Conçu initialement pour les enfants en difficulté, le PEI est aujourd'hui
enseigné à de nombreux adultes, dans l'armée, dans l'industrie (formation,
réorientation, réinsertion). Il
s'adresse à toute personne désireuse de développer son fonctionnement cognitif.
LE PROGRAMME D’ENRICHISSEMENT INSTRUMENTAL DE BASE
Ce nouveau programme permet de développer les capacités d’adaptation, de prévenir les difficultés d’apprentissage et de remédier aux dysfonctionnements intellectuels de tout enfant à partir de 3 ans, même s’il ne parle pas.
On ne peut pas construire une maison sans fondations solides ! De même pour pouvoir apprendre et raisonner, on a besoin de fondations, ce qu’on appelle les fonctions cognitives. Elles ne sont pas bien installées ou sont déficientes chez les enfants autistes, trisomiques ou qui ont des difficultés d’ordre intellectuel. Cette méthode permet de combler ce manque tout en apportant certaines connaissances de base. Elle favorise une motivation interne et la réflexion sur soi avec des éléments d’intelligence émotionnelle. L’enfant apprend aussi à être actif vis à vis de toute information.
Si le programme de l'équipe Feuerstein se focalisait précédemment sur les populations scolaires de plus de 8-9 ans, il était devenu nécessaire de pouvoir s'adresser à de plus jeunes enfants et aux personnes qui, en raison de leur bas niveau de fonctionnement, ne pouvaient pas tirer profit des anciens programmes. Pour ces enfants d'âge préscolaire ou plus âgés mais d'un niveau de fonctionnement plus bas, l'équipe a dû préparer des évaluations et des instruments d'enrichissement qui correspondrait à un niveau de prélecture et qui tiendrait compte du peu de connaissances et d'expériences que cette population a de son environnement. Les séances de ce programme devaient aussi pouvoir doter l'enfant de connaissances de base. En effet, sans un minimum de savoir, on ne peut pas faire d'opérations mentales. Le Programme d’Enrichissement Instrumental de Base est alors né et répond à toutes ces attentes.
Les objectifs de ce programme sont :
2. La prévention - Pourquoi attendre que l'enfant ait des problèmes ? Certains enfants présentent des risques de difficultés d'apprentissage dus à des facteurs endogènes ou exogènes qui peuvent être aggravés par un manque d'une médiation appropriée ou par une privation culturelle. Ce manque peut être dû à leur condition neurophysiologique ou à une insuffisance de disponibilité de leur environnement. Pourquoi ne pas lui donner des outils pour prévenir les problèmes ?

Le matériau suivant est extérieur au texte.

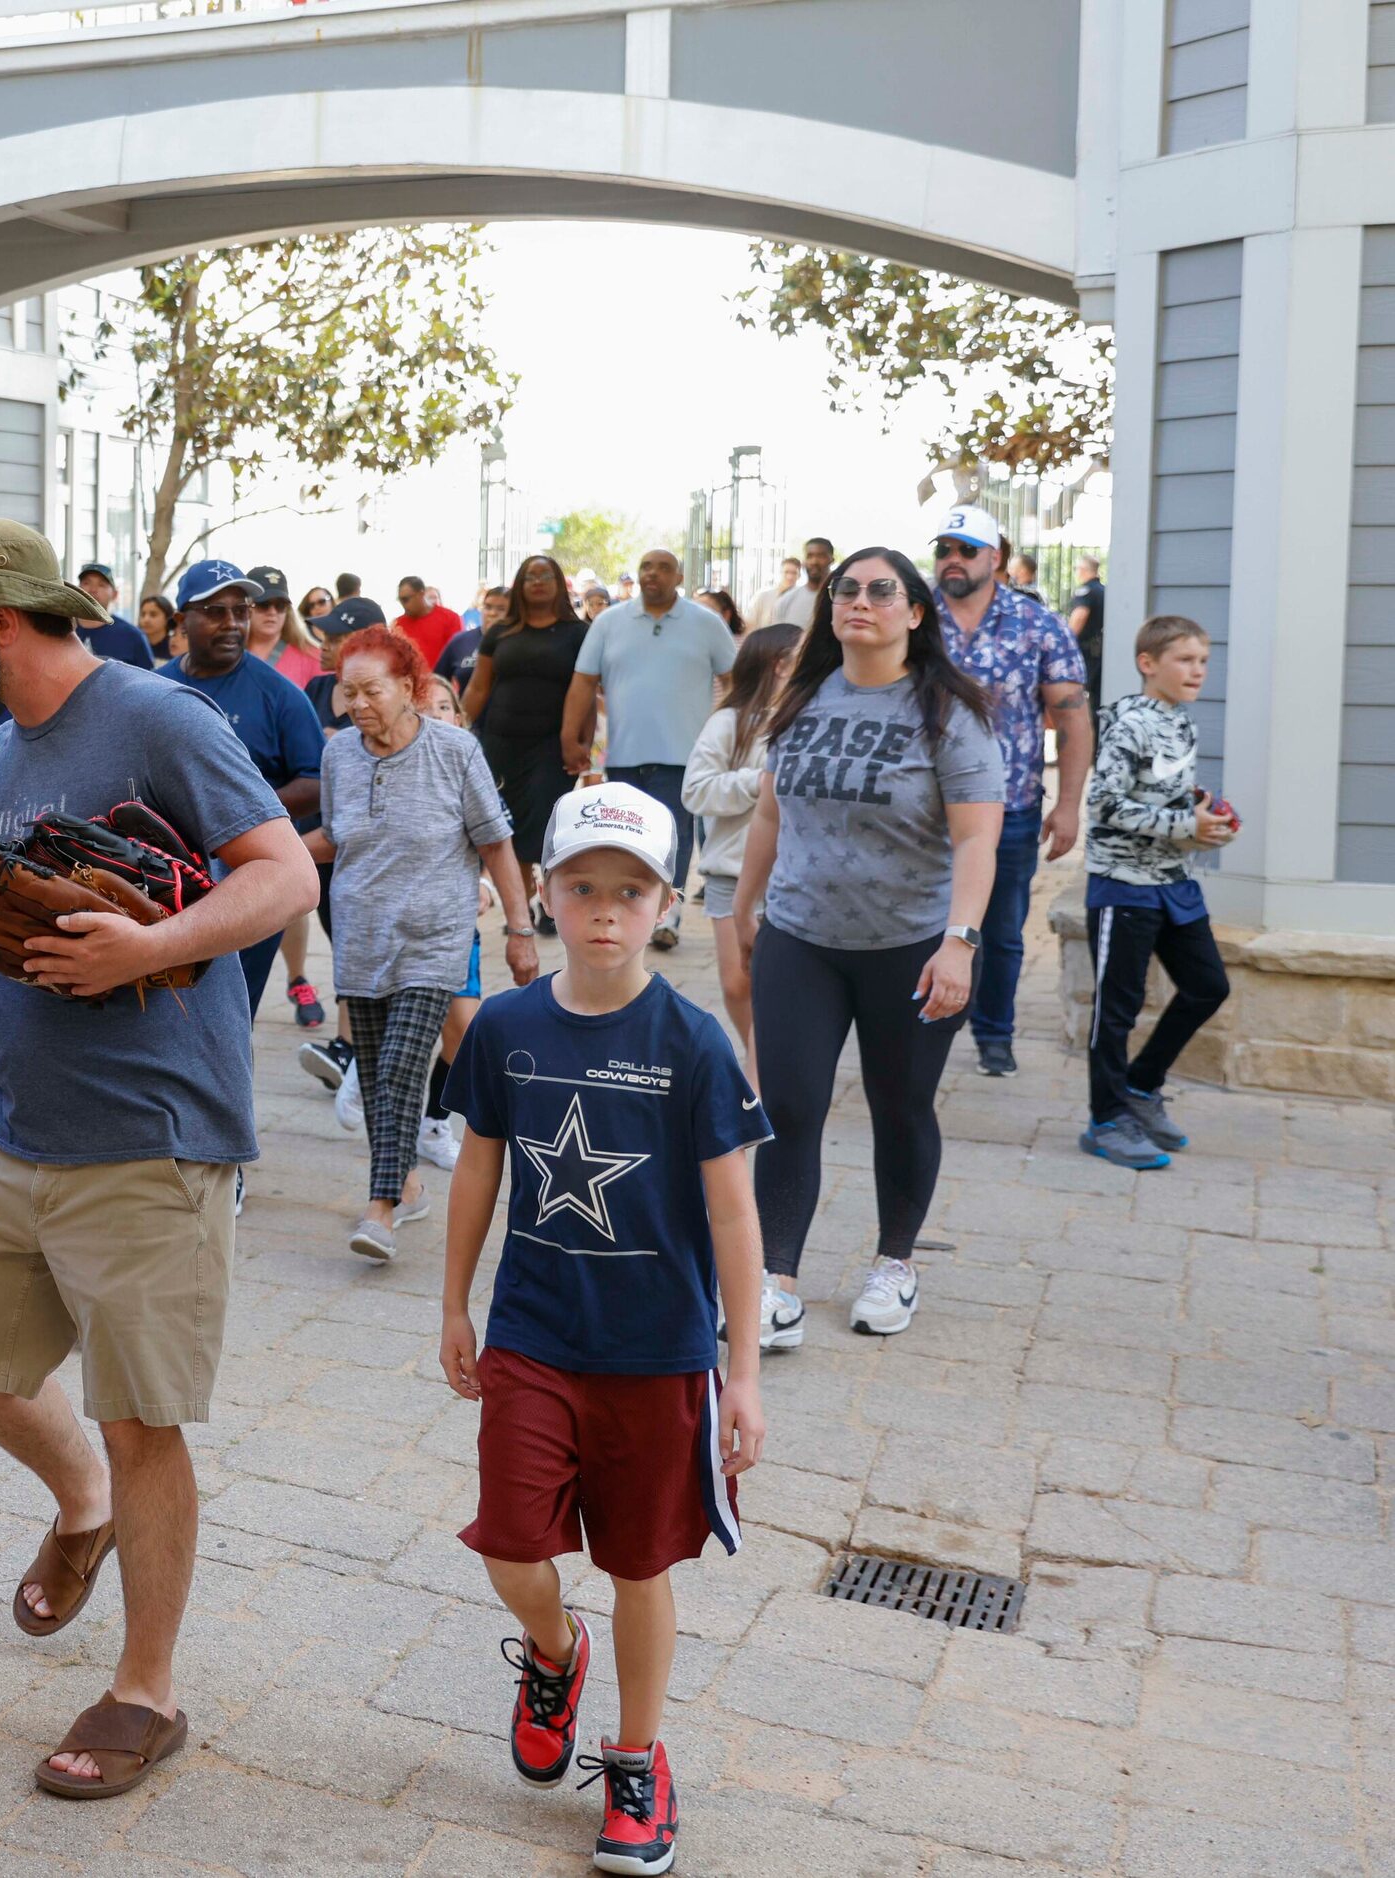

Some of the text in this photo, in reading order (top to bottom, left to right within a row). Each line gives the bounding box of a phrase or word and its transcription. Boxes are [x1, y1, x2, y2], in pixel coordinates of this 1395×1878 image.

3. La remédiation - Il s'agit de remédier à des dysfonctionnements spécifiques, là où le développement a été entravé par les divers facteurs de risque. La remédiation est dirigée vers les secteurs d'apprentissage en retard en modulant l'intensité et avec des modalités spécifiques. Le PEI de base sert aussi à de jeunes adultes très en retard.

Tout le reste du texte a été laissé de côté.